PHOENIX -- While the body can do a great job of repairing itself, sometimes that actually gets in the way for doctors. That can be especially true when surgeons open up blocked arteries.

That led one Valley doctor to a balloon that tells the body when it's time to stop.

Dr. Richard Heuser, director of cardiology at St. Luke’s Medical Center, is in the business of clearing  blocked arteries.

"It's possible to open up the blockage but unfortunately, 30 or 40 percent of the time they narrow again," Heuser said.

He said that's because the body tries to repair the irritation caused to the inside lining of the vessels when doctors clear the blockages.

"Because the normal response the body has to trauma is to grow cells," he said.

And while he can use stents for arteries near the heart, when it comes to those long arteries running to the legs, there is another problem.

"And it's a real problem when one side of the vessel from on top is big and then as you go down, the vessel gets smaller so you can't put a stent in because it will be just one size," Heuser said.

What he really needed was a way to stop cells from regrowing, so a stent would not be needed.

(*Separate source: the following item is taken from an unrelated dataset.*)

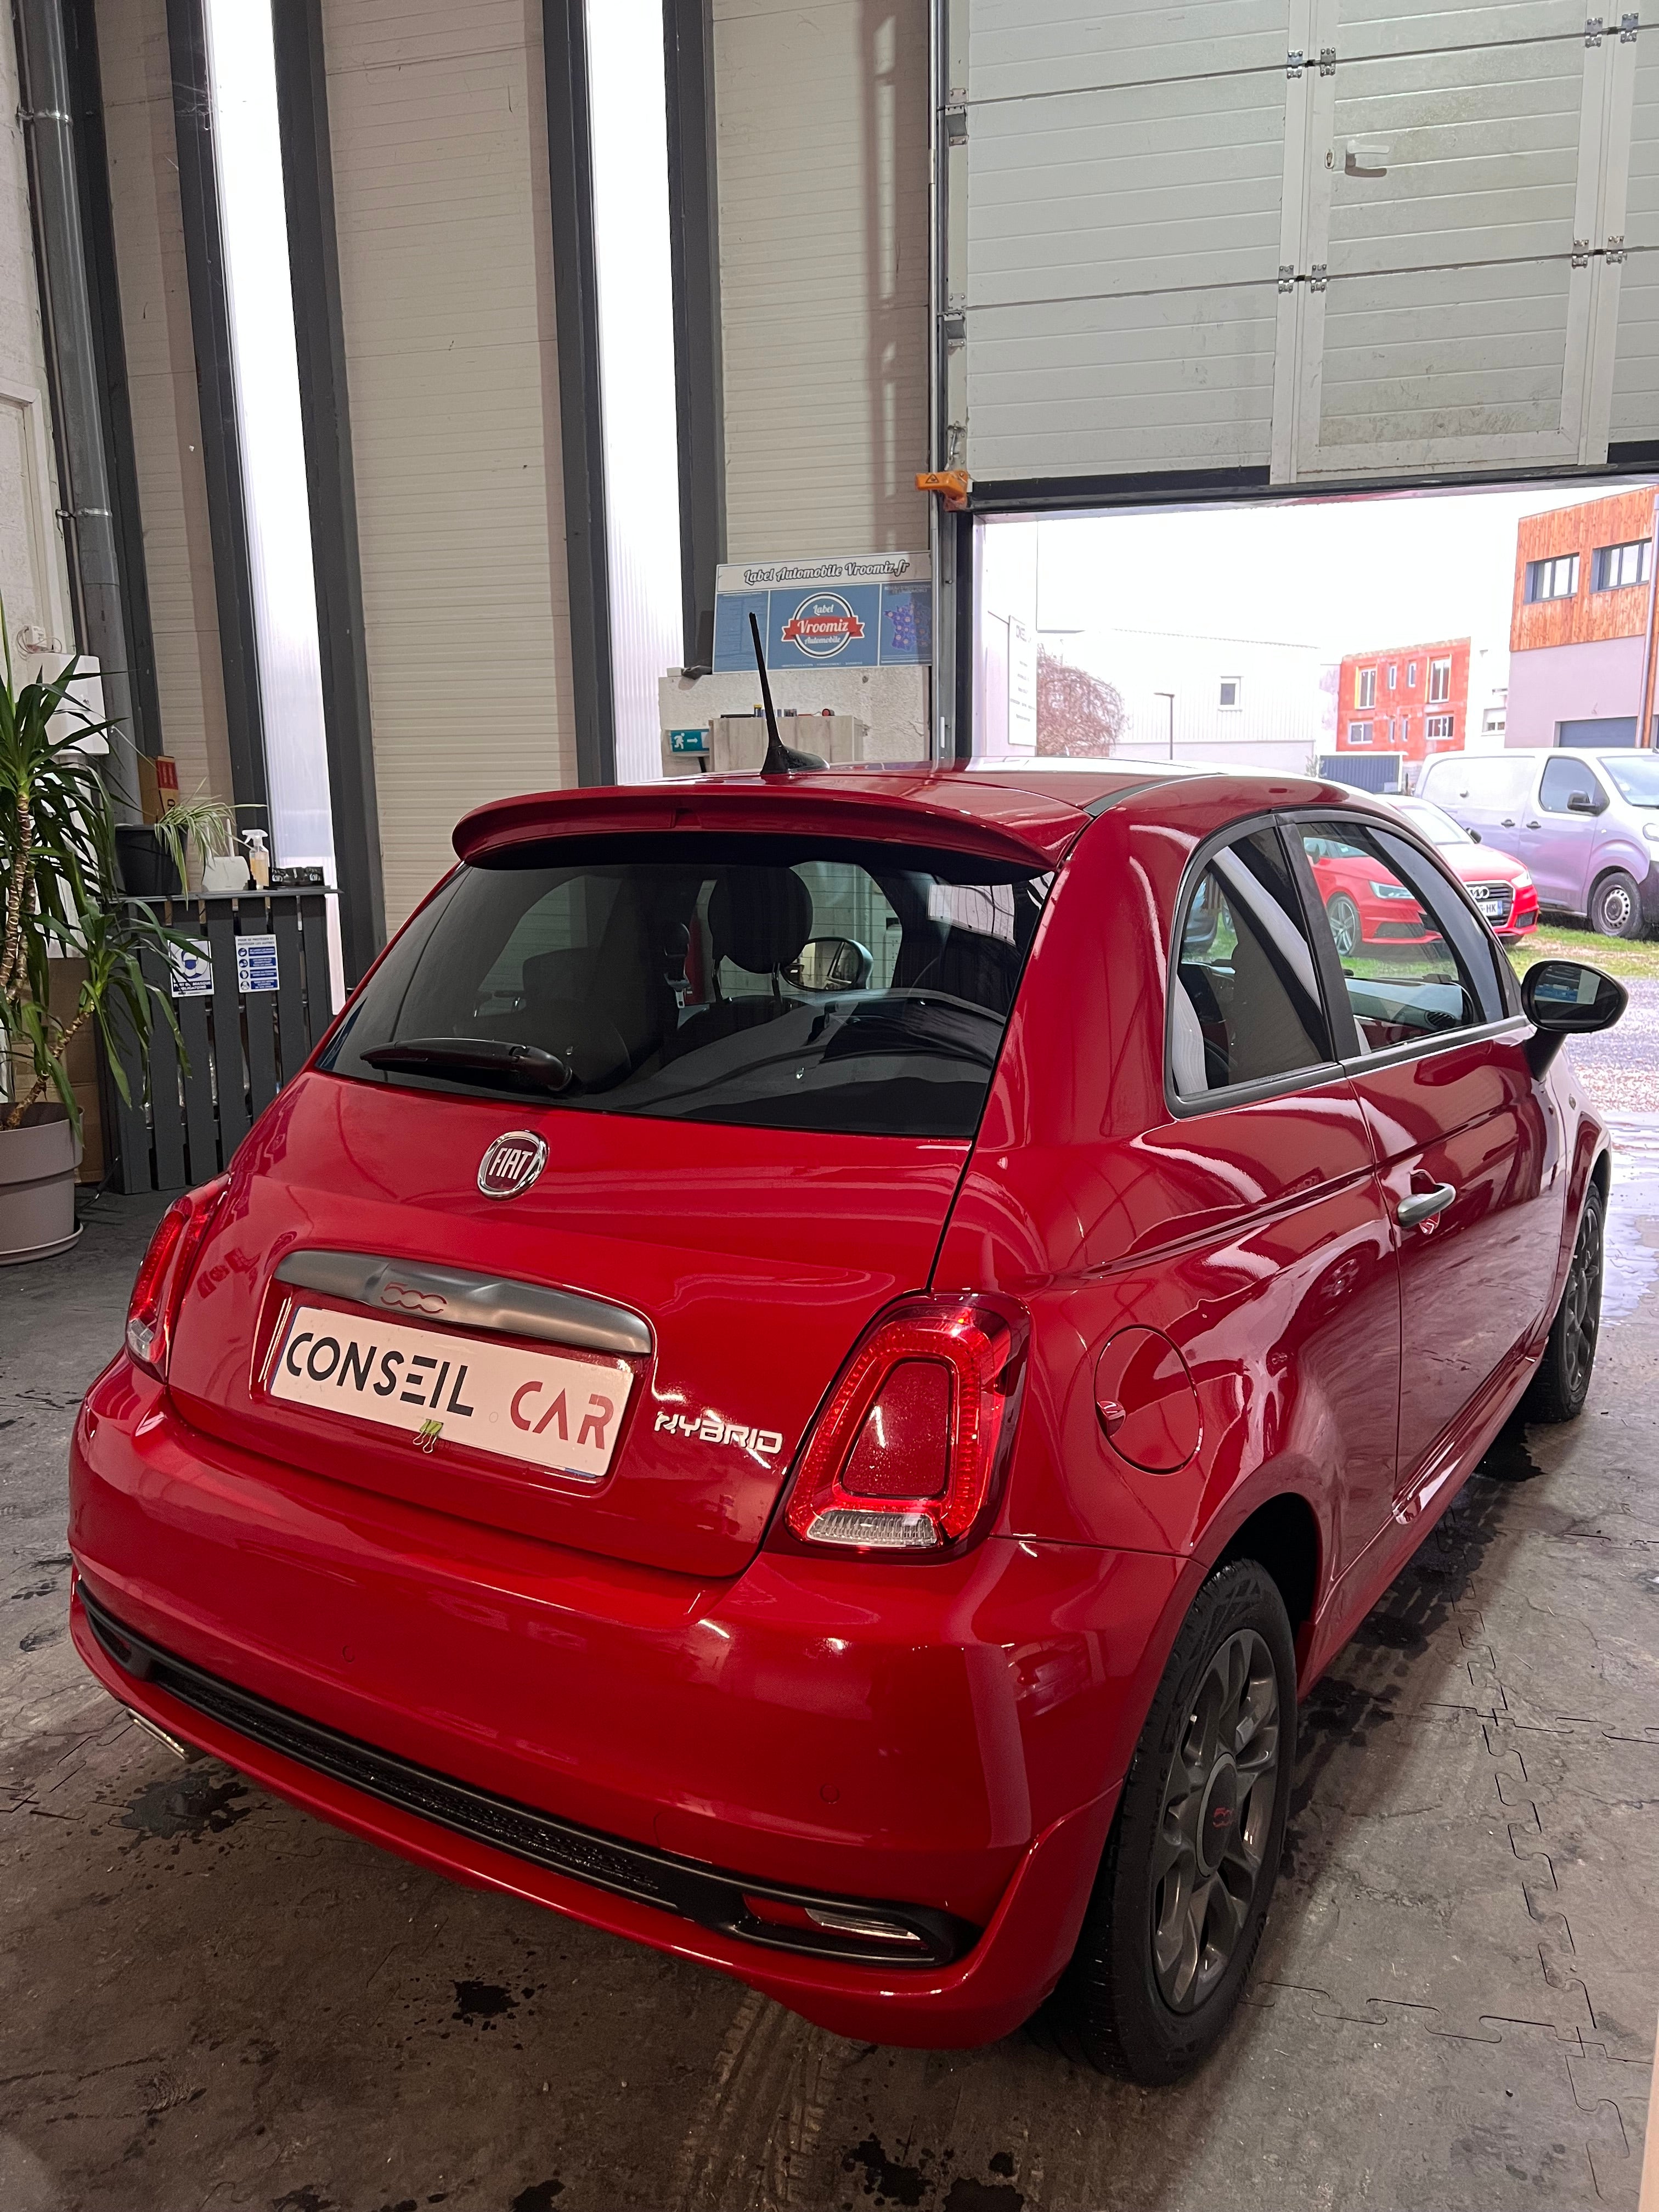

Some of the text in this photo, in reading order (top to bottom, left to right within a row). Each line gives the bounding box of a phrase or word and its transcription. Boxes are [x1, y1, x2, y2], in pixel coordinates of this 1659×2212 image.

It turned out the answer was a balloon.

"This is a case where we open up the vessel really well and then we treat it with the medicated balloon and that medication is distributed in the wall of the artery, increasing the blood flow but inhibiting growth of tissue," he said.

The device is manufactured in the Valley and Heuser pioneered its use in Arizona.

It allows him to deliver medicine only where it is needed.

"So it's not in the body and it really tries to inhibit growth over the few weeks to months after the procedure," he said.

Heuser said they can reduce re-narrowing by 50 percent and he believes it will soon be used on heart vessels as well, where even arteries with stents can end up narrowing.

"Because many patients have had stents already placed and you can put a stent inside of a stent, but It gets to a point where, diminishing returns, there's no room left," he said.

Heuser said ideally they would cut out the section of blocked artery, but there are two problems. The heart is constantly pumping blood through the arteries and they run into that same problem of scarring, which would impede the flow of blood once the artery is sewn back together.